# What you need to do
When you reach a picture, skip it, and retype every line below exactly.
[Material provided — start]
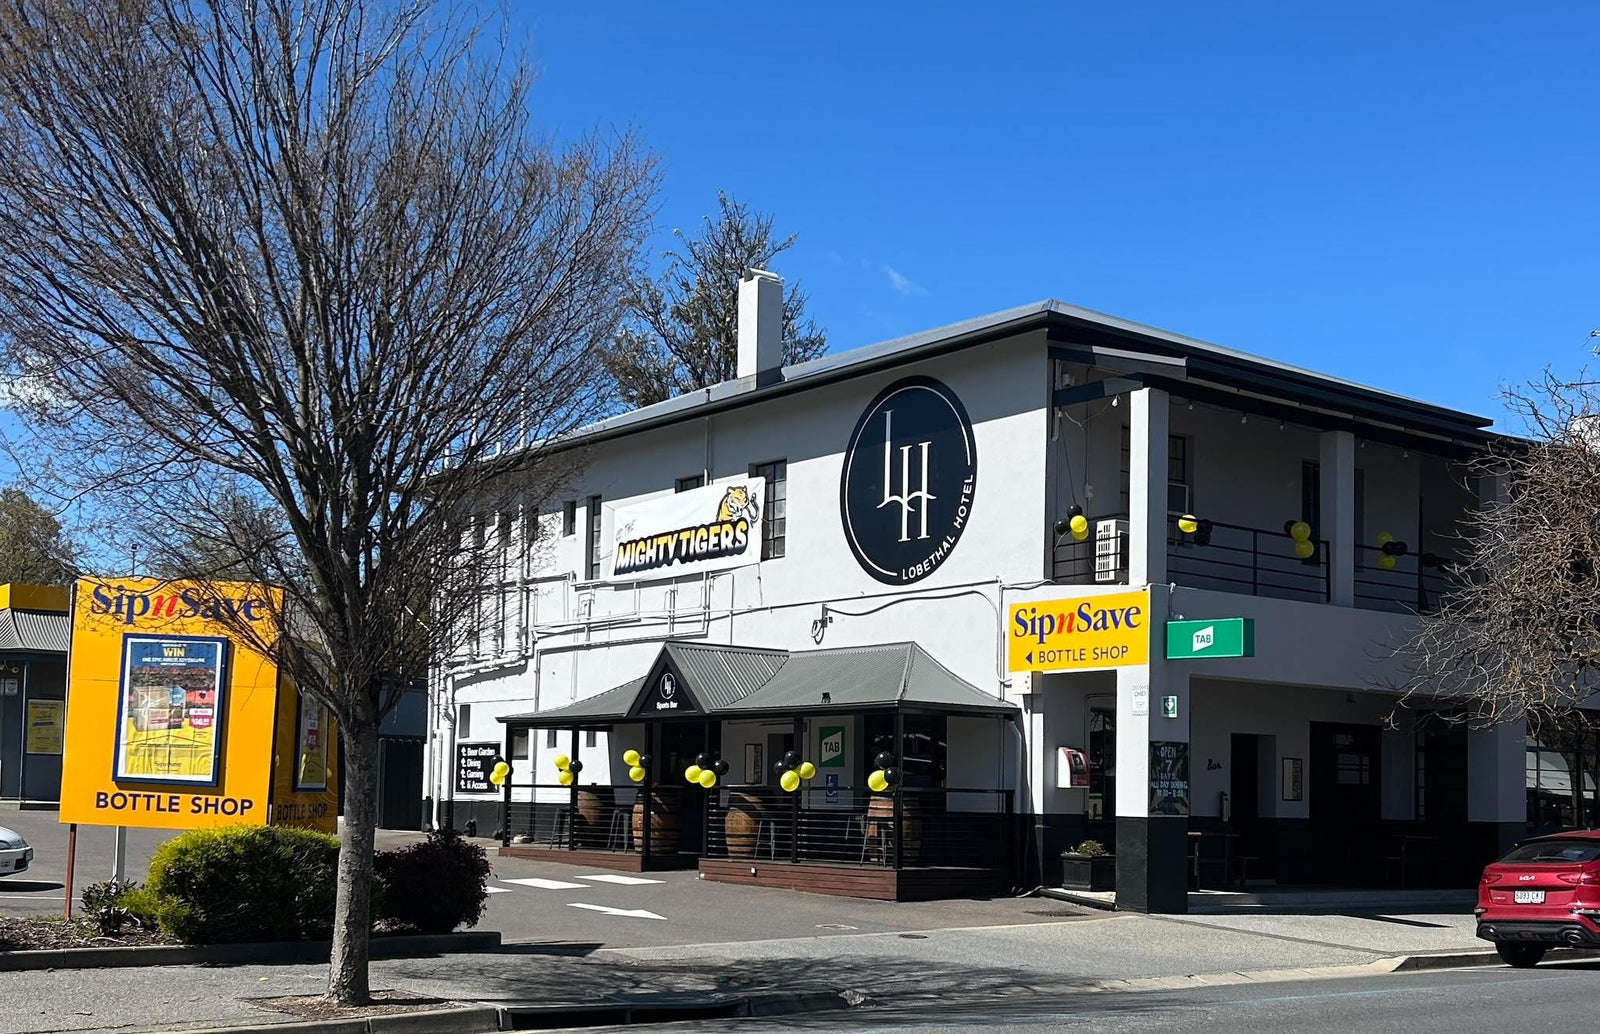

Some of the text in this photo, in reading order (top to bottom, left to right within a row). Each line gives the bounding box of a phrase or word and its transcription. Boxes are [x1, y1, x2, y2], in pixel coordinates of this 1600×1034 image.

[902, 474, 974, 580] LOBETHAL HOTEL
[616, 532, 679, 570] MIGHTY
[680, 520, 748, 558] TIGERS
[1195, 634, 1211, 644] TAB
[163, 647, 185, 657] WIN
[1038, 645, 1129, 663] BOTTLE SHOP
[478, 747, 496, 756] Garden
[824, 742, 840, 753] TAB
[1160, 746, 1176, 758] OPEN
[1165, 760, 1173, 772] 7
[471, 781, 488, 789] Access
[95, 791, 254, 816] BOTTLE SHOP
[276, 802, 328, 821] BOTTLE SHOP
[Material provided — finish]
# Output of the exercise
Some of the text in this photo, in reading order (top to bottom, left to right within a row). Each line gives the bounding box of a phrase or word and its transcription. Boxes are [x1, y1, x2, y2], in pixel coordinates of this 1600×1034 image.

[902, 474, 974, 580] LOBETHAL HOTEL
[616, 532, 679, 570] MIGHTY
[680, 520, 748, 558] TIGERS
[1195, 634, 1211, 644] TAB
[163, 647, 185, 657] WIN
[1038, 645, 1129, 663] BOTTLE SHOP
[478, 747, 496, 756] Garden
[824, 742, 840, 753] TAB
[1160, 746, 1176, 758] OPEN
[1165, 760, 1173, 772] 7
[471, 781, 488, 789] Access
[95, 791, 254, 816] BOTTLE SHOP
[276, 802, 328, 821] BOTTLE SHOP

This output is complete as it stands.